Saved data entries
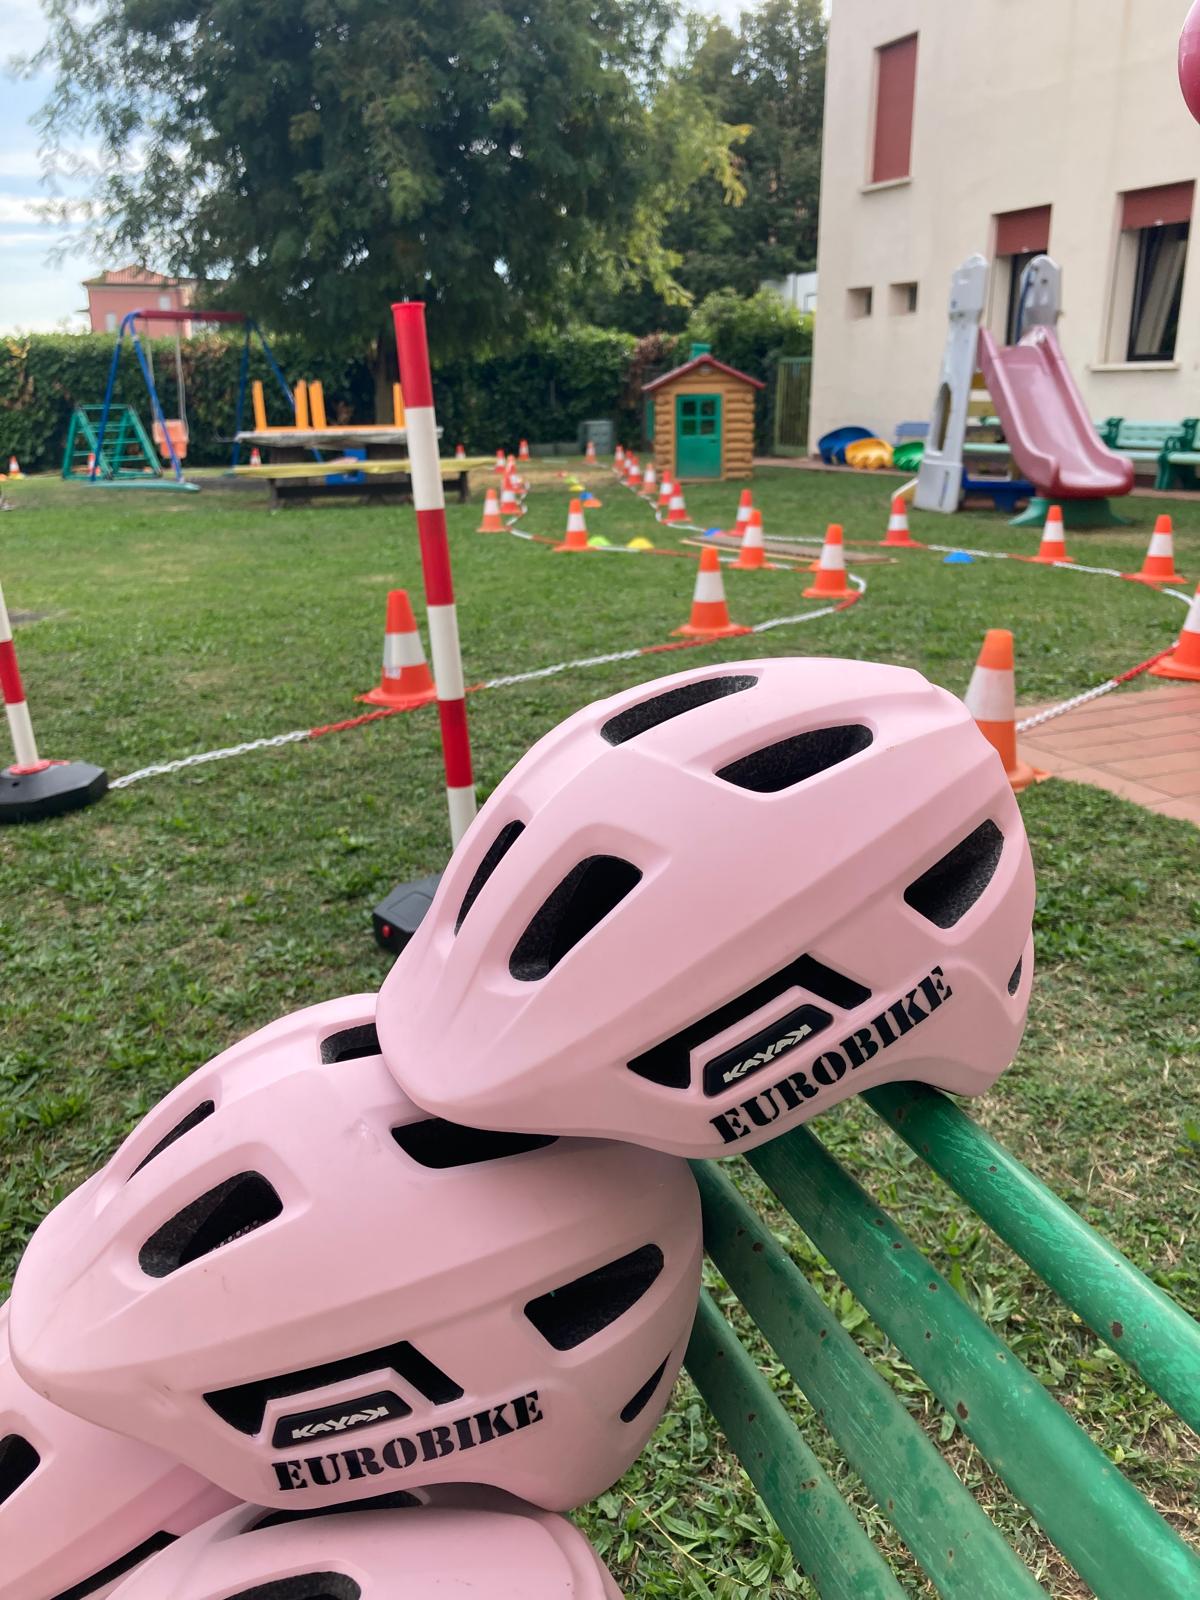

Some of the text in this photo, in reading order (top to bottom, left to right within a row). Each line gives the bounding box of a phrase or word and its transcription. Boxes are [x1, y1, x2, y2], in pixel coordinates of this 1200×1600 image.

[709, 965, 953, 1144] EUROBIKE
[722, 1024, 812, 1083] KAYAK
[271, 1390, 543, 1490] EUROBIKE
[292, 1406, 389, 1439] KAYAK

● **ACTIVITY**
The complete set of records should be written out again, pictures excluded.

● **PROBLEM SOLUTION**
Some of the text in this photo, in reading order (top to bottom, left to right within a row). Each line gives the bounding box of a phrase or word and its transcription. Boxes are [x1, y1, x2, y2], in pixel coordinates of this 1200×1600 image.

[709, 965, 953, 1144] EUROBIKE
[722, 1024, 812, 1083] KAYAK
[271, 1390, 543, 1490] EUROBIKE
[292, 1406, 389, 1439] KAYAK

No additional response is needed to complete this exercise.